START Data for this exercise
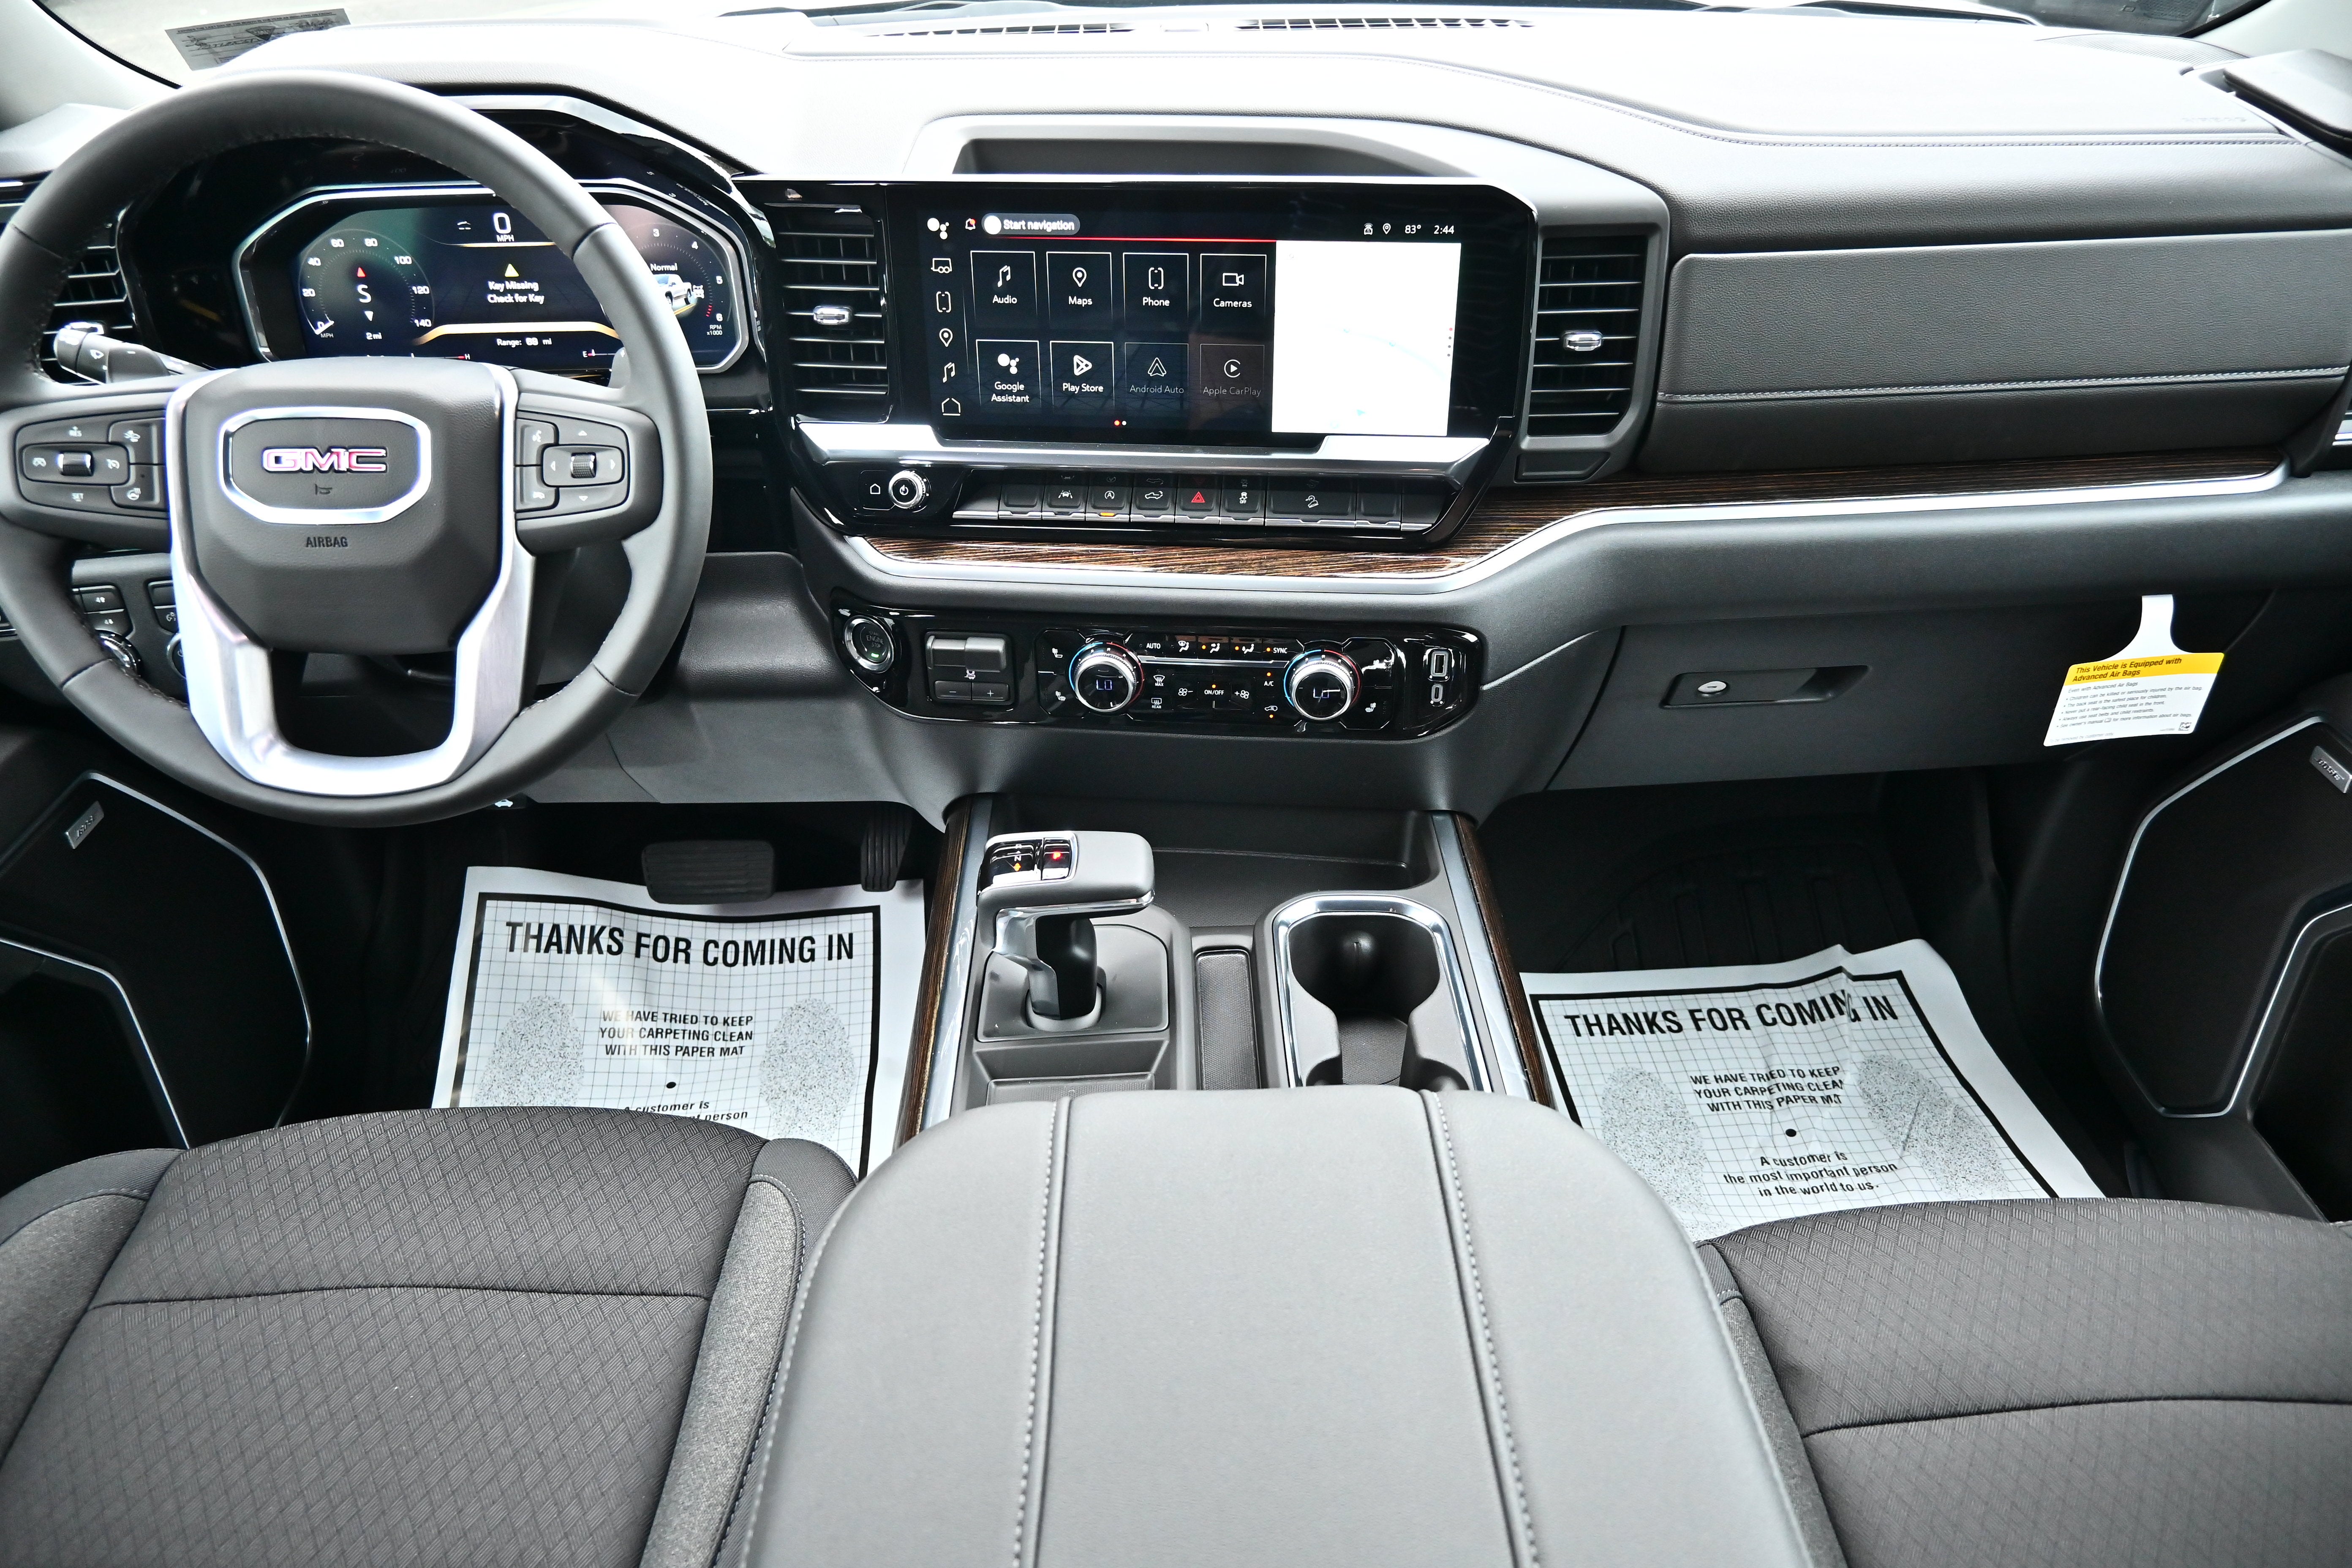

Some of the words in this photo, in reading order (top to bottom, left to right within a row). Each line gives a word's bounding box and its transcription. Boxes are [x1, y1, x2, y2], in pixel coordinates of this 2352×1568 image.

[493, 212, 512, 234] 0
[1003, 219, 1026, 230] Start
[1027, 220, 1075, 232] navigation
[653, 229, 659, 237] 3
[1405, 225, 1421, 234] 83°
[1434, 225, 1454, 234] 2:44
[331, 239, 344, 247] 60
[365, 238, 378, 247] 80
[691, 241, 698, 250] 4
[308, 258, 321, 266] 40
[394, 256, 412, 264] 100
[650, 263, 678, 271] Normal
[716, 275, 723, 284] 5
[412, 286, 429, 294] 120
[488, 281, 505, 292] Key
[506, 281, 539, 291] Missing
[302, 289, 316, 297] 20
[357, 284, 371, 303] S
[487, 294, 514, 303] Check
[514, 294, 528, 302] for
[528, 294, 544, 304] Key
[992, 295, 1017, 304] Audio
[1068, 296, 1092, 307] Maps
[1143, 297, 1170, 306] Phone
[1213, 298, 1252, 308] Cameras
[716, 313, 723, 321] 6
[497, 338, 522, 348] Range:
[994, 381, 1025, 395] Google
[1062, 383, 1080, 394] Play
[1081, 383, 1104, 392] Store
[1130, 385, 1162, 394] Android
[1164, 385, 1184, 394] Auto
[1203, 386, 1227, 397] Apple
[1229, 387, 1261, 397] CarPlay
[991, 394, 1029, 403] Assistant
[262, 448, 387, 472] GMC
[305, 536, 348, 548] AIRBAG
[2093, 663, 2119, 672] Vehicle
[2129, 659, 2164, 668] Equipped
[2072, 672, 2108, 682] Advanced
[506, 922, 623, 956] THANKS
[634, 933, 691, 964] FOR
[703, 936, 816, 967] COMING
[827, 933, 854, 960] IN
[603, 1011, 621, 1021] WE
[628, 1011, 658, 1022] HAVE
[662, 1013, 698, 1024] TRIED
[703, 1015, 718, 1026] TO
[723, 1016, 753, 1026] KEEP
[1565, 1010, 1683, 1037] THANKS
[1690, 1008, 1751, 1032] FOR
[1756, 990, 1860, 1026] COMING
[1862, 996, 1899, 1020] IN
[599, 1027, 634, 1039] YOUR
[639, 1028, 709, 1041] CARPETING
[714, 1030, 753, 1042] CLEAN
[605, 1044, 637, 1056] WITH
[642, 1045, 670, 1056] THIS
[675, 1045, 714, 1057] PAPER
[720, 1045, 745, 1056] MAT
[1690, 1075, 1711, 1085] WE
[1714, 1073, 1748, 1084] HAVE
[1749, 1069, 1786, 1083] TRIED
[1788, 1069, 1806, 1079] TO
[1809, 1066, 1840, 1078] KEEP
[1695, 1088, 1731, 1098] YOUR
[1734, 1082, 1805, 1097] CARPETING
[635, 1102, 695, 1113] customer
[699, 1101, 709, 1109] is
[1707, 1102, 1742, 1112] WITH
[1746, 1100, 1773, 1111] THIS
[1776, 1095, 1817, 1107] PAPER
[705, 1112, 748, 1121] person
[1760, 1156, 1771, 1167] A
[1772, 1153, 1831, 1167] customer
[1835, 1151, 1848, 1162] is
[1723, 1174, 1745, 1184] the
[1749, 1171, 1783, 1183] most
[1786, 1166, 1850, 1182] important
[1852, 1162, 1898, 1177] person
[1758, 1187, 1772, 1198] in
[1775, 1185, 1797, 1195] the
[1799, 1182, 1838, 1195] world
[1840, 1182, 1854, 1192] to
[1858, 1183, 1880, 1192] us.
END Data for this exercise
** Instructions to follow **
Look for the string "YOUR" in the data above and return every line that has it.

** Answer **
[599, 1027, 634, 1039] YOUR
[1695, 1088, 1731, 1098] YOUR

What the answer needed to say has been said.